I have an application with many forms implemented as separate activities. The form variables are dynamically built based on a database, and there are a ton of variables in the C++ side of the application (accessed via JNI). I don't see how saving out all of this data to persistent storage each time the onPause() or the onSaveInstanceState() of one of these many activities goes into the background is a smart use of processor time. And I don't see how even if I save the local variables for each activity during that time I'd be able to restore a single activity within the context of all the others.

I have set up a service that auto saves the files when I detect that the app has gone into the background. (I set a time stamp when onPause() is called in any activity and then clear the time stamp when onResume() is called on any other activity. If the time elapsed is more than a few seconds, I know I'm not the top activity any longer and the service saves the files).

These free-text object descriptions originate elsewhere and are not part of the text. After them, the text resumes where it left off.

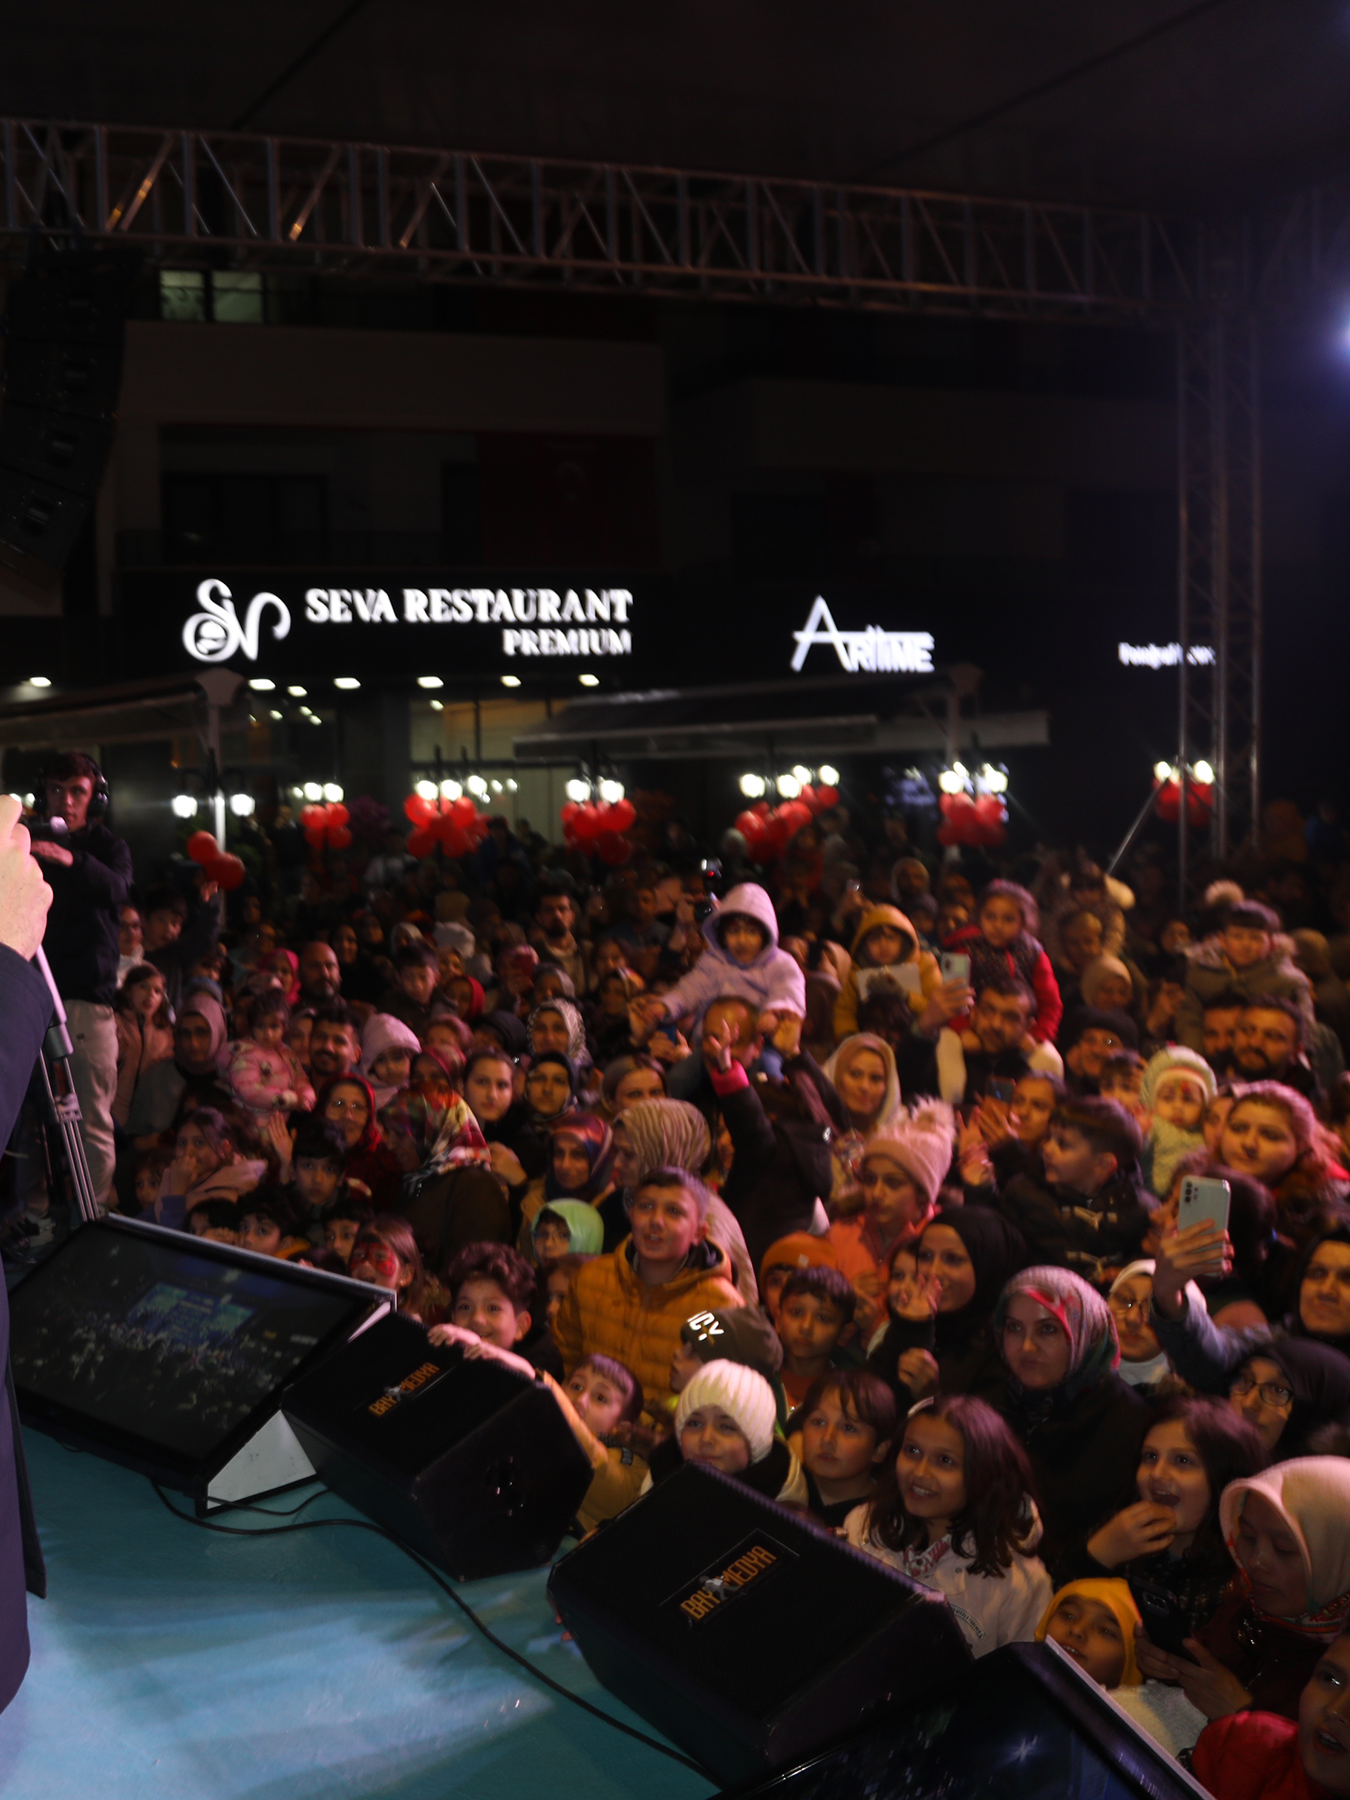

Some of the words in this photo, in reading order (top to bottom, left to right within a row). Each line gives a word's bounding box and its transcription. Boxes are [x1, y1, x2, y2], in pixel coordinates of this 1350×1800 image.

[305, 588, 399, 623] SEVA
[402, 588, 634, 623] RESTAURANT
[503, 628, 633, 656] PREMIUM
[368, 1392, 398, 1417] BAY
[399, 1361, 441, 1392] MEDYA
[679, 1585, 721, 1620] BAY
[715, 1545, 778, 1586] MEDYA

What I'd like to do is continue on as normal unless the OS kills one of my activities. Since we don't always get notified of this, I thought it would be nice if there were a way to tell the OS that I'd rather you kill the whole app than just one activity.

Thanks in advance!

A: 

Setting clearTaskOnLaunch="true" in the manifest's <activity> tag for the root Activity combined with settingnoHistory="true"` in all the activities's tag should do what you are looking for.

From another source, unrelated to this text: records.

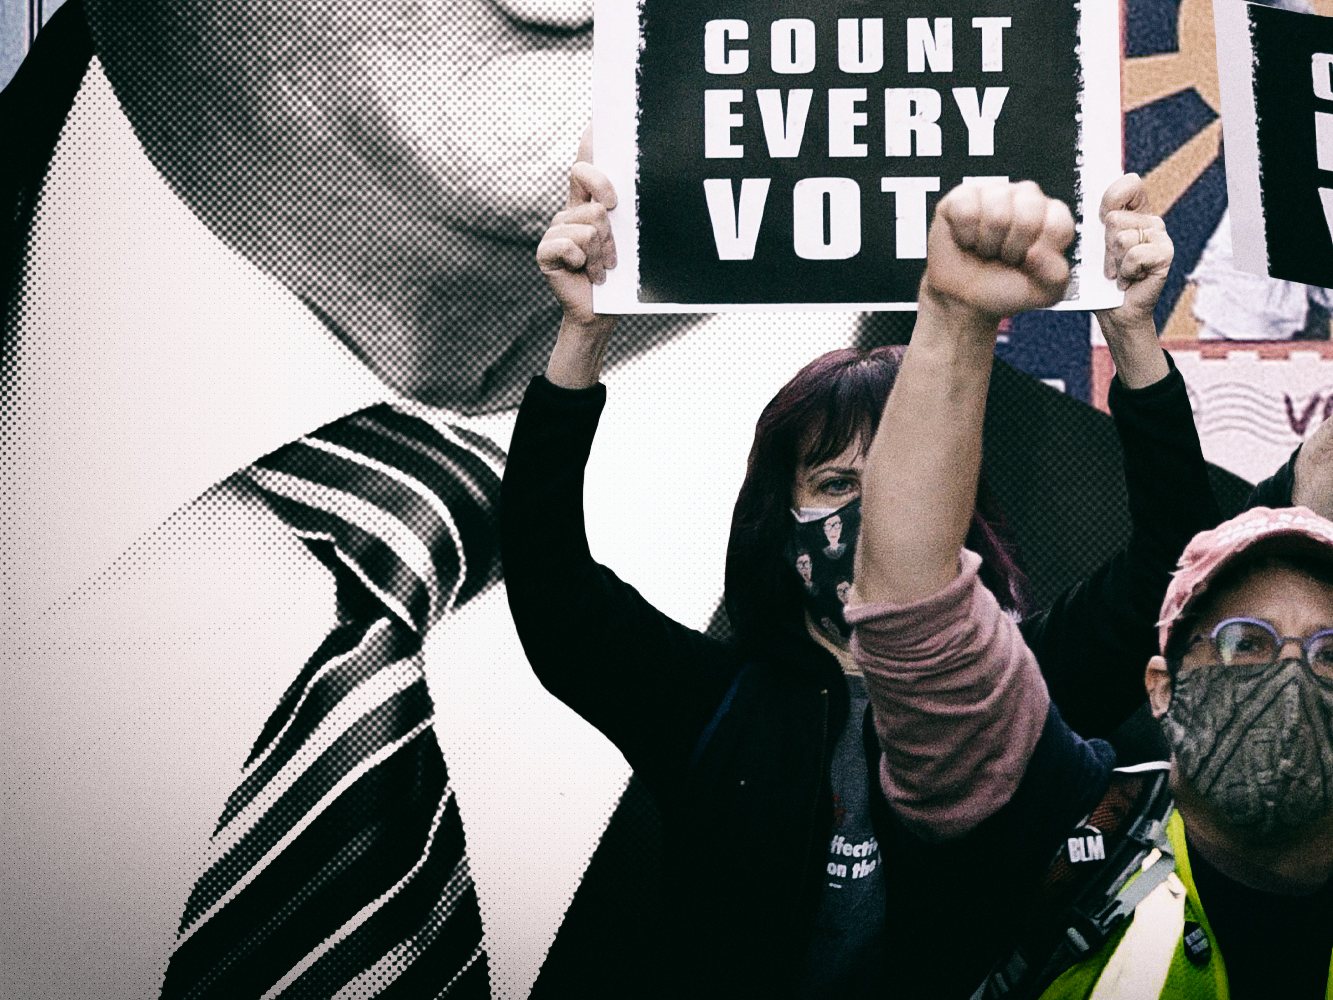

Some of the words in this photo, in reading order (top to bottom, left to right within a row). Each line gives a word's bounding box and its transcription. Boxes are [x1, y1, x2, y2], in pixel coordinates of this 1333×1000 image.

[703, 16, 1013, 76] COUNT
[703, 86, 1011, 160] EVERY
[702, 174, 1011, 262] VOT
[826, 861, 848, 879] on
[1067, 835, 1106, 864] BLM
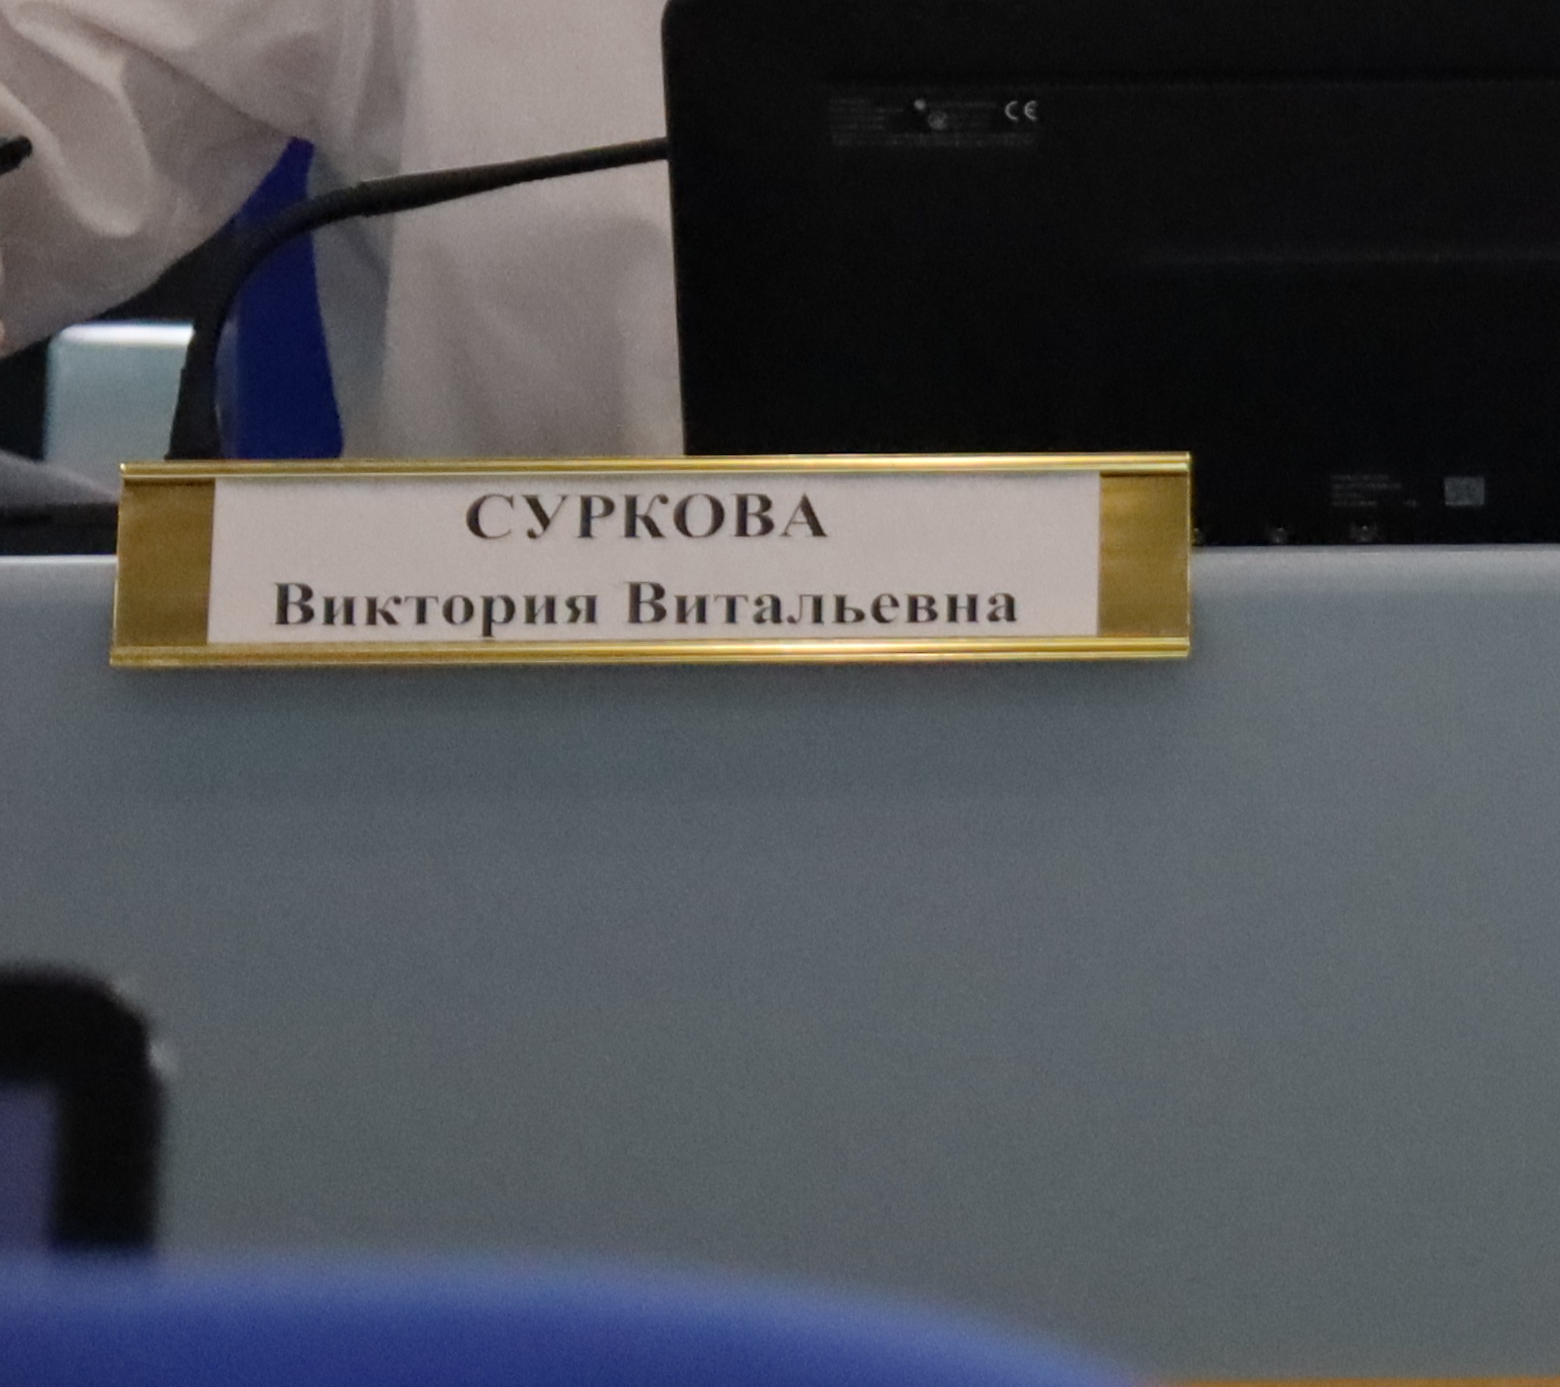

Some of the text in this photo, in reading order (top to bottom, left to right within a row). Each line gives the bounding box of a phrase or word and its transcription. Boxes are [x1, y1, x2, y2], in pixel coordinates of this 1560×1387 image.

[465, 493, 828, 541] СУРКОВА
[274, 581, 1018, 637] Виктория Витальевна

http://developer.android.com/guide/topics/manifest/activity-element.html#clear http://developer.android.com/guide/topics/manifest/activity-element.html#nohist

Computerish
Thanks for responding. The description of that flag says that whenever you go to the home screen or switch tasks, all other activities but the root are killed. What I was hoping to achieve was to kill my whole app, but only if the OS kills one of my activities for memory related reasons. In normal situations, no need to do anything, but rather than kill one related activity and not the others, I'd rather it just shut me down. The iPhone, Windows Mobile, etc all behave in this manner by default. It works well in my situation but unfortunately not sure if it's possible.